▶ _WHAT TO PRODUCE_: The entries below should be output exactly as written.

━━━━━ RECORDS SHOWN ━━━━━

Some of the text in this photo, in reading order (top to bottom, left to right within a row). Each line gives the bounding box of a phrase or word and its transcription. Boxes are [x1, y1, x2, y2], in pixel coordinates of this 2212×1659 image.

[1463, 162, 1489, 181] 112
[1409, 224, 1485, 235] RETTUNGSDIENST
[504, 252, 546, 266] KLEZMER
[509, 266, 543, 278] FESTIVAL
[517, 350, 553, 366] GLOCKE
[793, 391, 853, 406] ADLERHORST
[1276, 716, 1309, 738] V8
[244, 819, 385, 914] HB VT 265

━━━━━

▶ _ANSWER TO THE EXERCISE_:
Some of the text in this photo, in reading order (top to bottom, left to right within a row). Each line gives the bounding box of a phrase or word and its transcription. Boxes are [x1, y1, x2, y2], in pixel coordinates of this 2212×1659 image.

[1463, 162, 1489, 181] 112
[1409, 224, 1485, 235] RETTUNGSDIENST
[504, 252, 546, 266] KLEZMER
[509, 266, 543, 278] FESTIVAL
[517, 350, 553, 366] GLOCKE
[793, 391, 853, 406] ADLERHORST
[1276, 716, 1309, 738] V8
[244, 819, 385, 914] HB VT 265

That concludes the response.